Positieve verandering van mindset

Hoewel (het stimuleren van) biologische afbraak niet voor alle IBC-locaties uitkomst zal bieden, omdat er ook stoffen zijn die slecht afbreken of helemaal niet, is er wel veel laaghangend fruit te plukken. Dat dat – ondanks het feit dat er al geruime tijd inzicht bestaat in biologische afbraakmechanismen – nog niet eerder is gebeurd, is naar het idee van Hoekstra vooral een kwestie van mindset. “Er was nu eenmaal afgesproken dat de locaties eeuwige zorg zouden krijgen. Vanuit dat perspectief is het minder vanzelfsprekend om te onderzoeken hoe je met nazorg kunt stoppen. Het is daarom positief dat die zienswijze nu verandert.”

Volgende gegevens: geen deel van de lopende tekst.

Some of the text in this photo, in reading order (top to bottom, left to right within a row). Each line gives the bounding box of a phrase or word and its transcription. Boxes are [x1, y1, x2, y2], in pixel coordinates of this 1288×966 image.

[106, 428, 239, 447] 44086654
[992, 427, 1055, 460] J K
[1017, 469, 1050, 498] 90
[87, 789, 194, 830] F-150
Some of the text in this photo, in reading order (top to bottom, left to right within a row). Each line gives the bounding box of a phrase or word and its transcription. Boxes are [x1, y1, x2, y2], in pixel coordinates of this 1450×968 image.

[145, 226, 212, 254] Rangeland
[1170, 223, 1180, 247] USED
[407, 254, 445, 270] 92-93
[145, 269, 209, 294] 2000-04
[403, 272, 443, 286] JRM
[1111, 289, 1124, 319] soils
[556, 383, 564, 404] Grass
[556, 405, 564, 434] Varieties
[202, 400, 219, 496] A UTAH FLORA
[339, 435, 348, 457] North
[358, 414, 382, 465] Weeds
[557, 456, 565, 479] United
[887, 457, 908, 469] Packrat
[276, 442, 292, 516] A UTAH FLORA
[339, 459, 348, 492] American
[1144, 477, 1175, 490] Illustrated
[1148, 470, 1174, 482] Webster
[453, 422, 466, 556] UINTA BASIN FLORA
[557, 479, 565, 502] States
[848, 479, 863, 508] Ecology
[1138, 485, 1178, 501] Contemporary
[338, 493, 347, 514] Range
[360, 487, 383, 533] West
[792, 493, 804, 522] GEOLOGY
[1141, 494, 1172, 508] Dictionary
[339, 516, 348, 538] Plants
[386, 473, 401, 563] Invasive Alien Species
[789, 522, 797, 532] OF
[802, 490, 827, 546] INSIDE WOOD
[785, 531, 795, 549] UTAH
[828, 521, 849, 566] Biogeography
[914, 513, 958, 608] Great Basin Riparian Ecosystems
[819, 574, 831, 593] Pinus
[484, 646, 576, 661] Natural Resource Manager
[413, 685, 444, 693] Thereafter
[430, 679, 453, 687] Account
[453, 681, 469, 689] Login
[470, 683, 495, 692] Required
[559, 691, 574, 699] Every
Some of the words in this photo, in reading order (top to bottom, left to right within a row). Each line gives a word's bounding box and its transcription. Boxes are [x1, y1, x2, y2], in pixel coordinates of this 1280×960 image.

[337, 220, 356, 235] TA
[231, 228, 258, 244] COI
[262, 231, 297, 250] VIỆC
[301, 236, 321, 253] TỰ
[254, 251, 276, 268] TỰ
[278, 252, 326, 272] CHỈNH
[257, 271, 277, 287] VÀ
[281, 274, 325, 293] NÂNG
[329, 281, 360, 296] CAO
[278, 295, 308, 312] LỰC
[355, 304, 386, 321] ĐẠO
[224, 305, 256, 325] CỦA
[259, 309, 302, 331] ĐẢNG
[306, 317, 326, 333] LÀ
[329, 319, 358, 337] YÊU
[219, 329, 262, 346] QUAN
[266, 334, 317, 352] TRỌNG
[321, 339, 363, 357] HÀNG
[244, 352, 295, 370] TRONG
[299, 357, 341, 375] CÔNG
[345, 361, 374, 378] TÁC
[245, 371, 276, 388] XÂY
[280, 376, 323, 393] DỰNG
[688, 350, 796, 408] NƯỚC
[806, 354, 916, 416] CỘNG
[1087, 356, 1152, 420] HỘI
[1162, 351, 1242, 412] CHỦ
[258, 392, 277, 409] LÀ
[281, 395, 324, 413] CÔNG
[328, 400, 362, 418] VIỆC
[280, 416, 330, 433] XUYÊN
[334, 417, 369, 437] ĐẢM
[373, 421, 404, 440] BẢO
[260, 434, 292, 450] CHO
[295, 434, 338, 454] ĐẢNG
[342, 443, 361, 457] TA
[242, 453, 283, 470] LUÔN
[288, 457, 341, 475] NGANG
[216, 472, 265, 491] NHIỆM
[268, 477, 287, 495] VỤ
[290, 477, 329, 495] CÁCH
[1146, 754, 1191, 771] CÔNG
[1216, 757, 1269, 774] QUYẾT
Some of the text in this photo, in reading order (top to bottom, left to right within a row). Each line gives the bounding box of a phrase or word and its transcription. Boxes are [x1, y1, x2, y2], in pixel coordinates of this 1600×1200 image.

Kennis brengen en kennis halen

Op 12 april tijdens de startbijeenkomst van de Community of Practice (CoP) presenteren gemeente Dordrecht en Deltares hun bevindingen. Mank: “De kennis die we in Dordrecht hebben opgedaan delen we in die CoP met andere gemeenten en provincies, maar ook kennisinstituten en adviesbureaus nemen deel. We brengen kennis, maar we hebben zelf ook behoefte aan feedback en kennis en ervaring van anderen. Zowel vanuit de overheden, als van kennisinstellingen en de advieswereld. Dat helpt ons weer verder.”